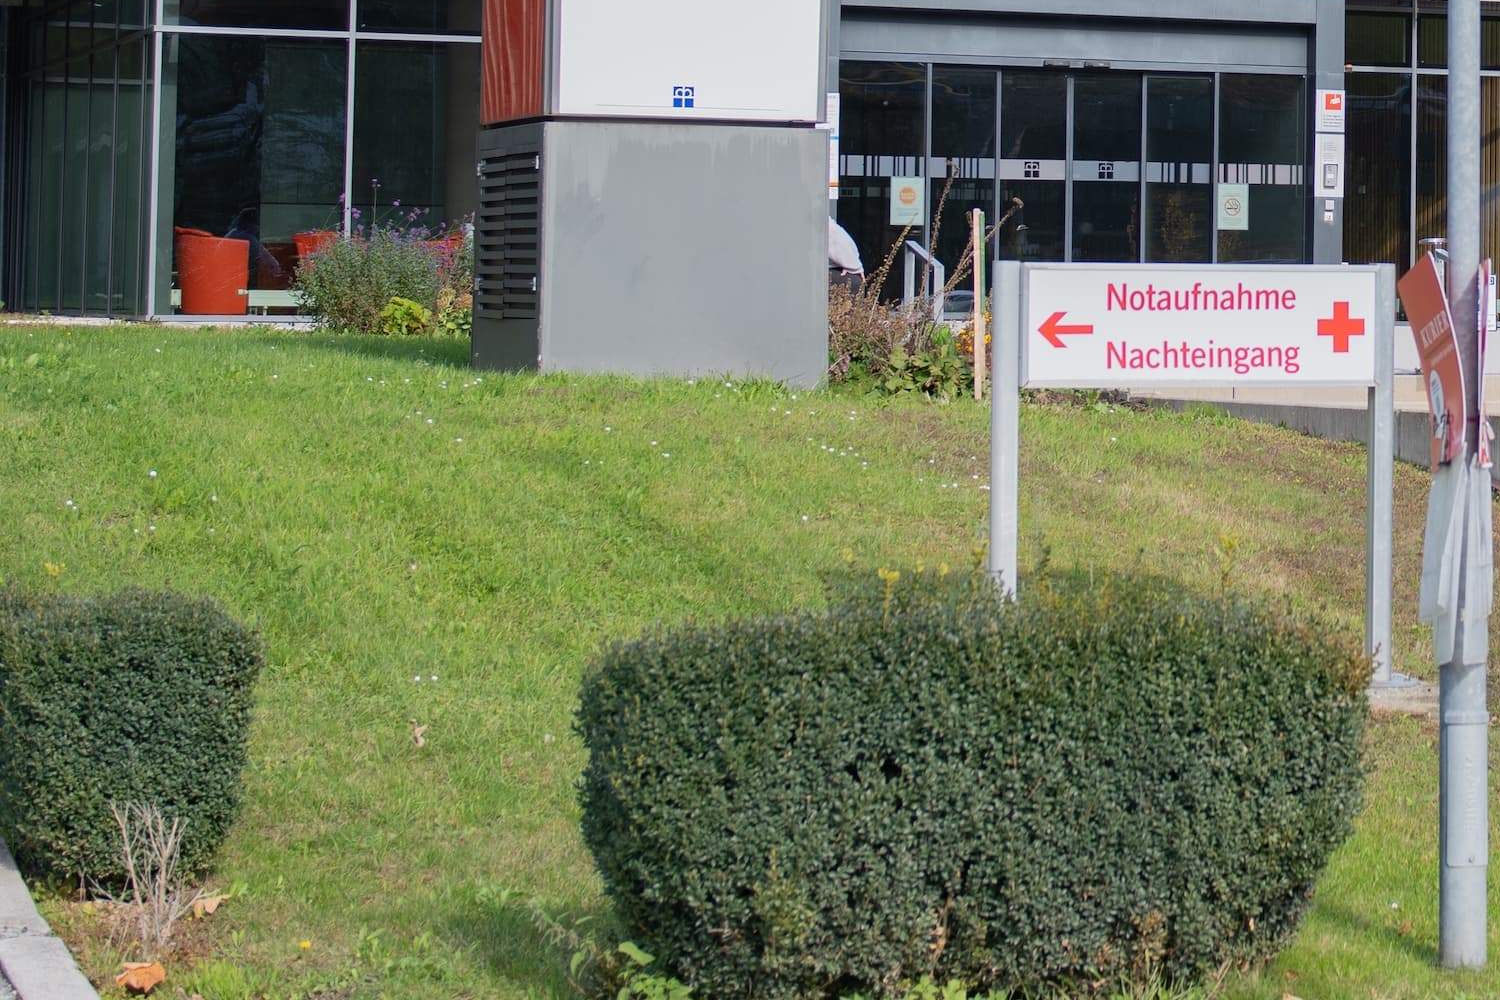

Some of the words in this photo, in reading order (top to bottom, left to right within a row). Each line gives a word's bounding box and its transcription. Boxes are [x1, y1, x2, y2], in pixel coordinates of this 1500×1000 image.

[1106, 282, 1297, 312] Notaufnahme
[1420, 310, 1449, 349] KURIER
[1106, 339, 1301, 375] Nachteingang
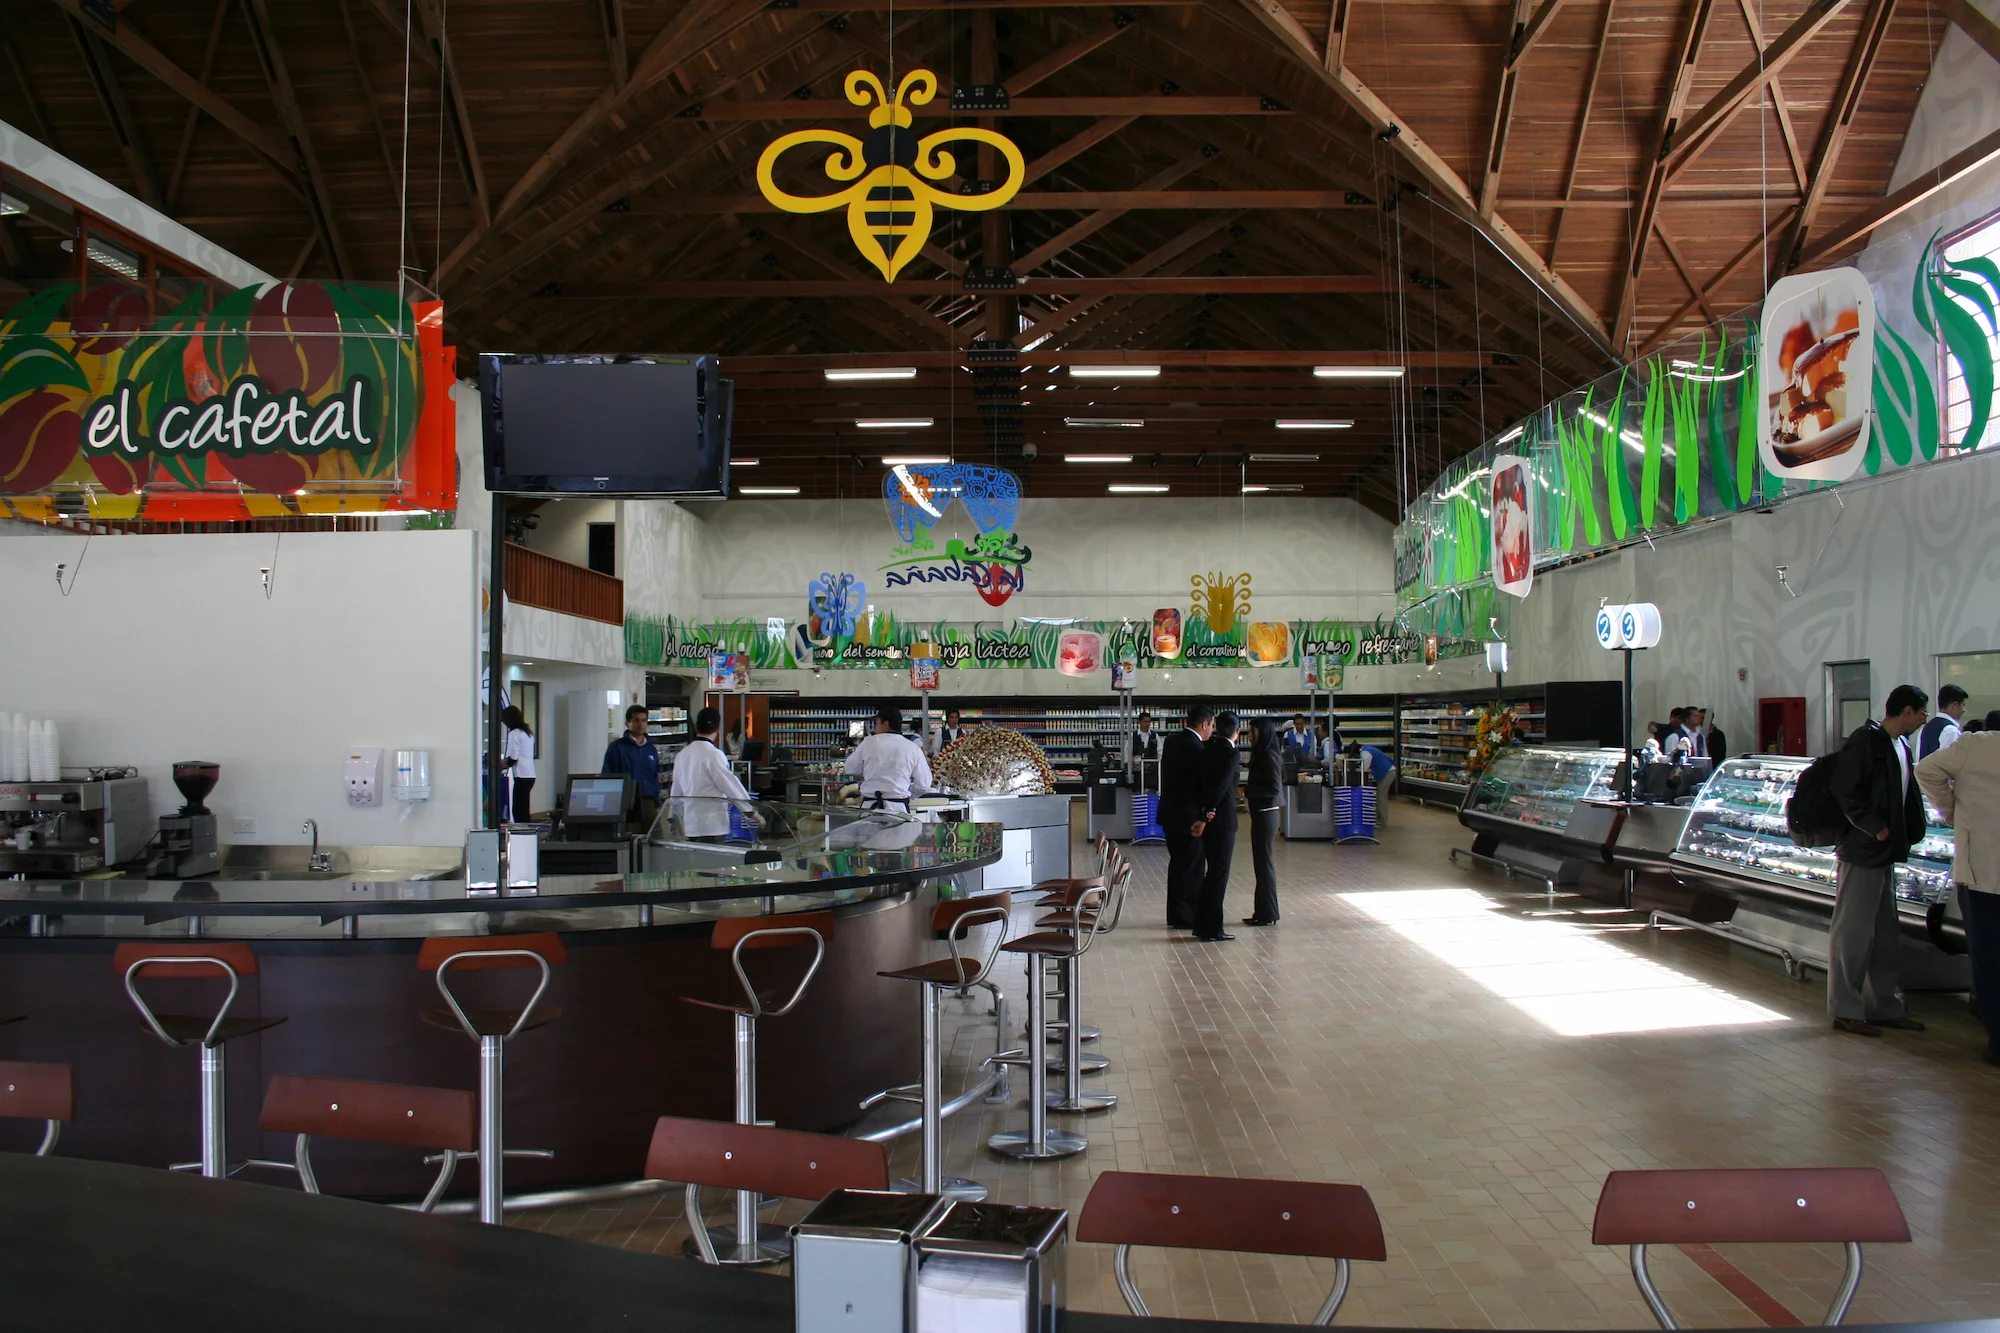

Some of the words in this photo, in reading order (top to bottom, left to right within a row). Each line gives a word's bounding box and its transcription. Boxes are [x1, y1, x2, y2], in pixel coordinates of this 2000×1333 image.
● ● ● ● ●
YOUR TASK:
The job here is to retype the data exactly, with no pictures included.

RESPONSE BOX:
Some of the words in this photo, in reading order (top to bottom, left to right within a row). Each line gives a word's bounding box and its transcription. Boxes are [x1, y1, x2, y2], in pixel coordinates of this 1500×1000 image.

[1106, 282, 1297, 312] Notaufnahme
[1420, 310, 1449, 349] KURIER
[1106, 339, 1301, 375] Nachteingang

Some of the words in this photo, in reading order (top to bottom, left to right within a row). Each line gives a word's bounding box and its transcription. Boxes are [x1, y1, x2, y2], in pixel coordinates of this 2000×1333 image.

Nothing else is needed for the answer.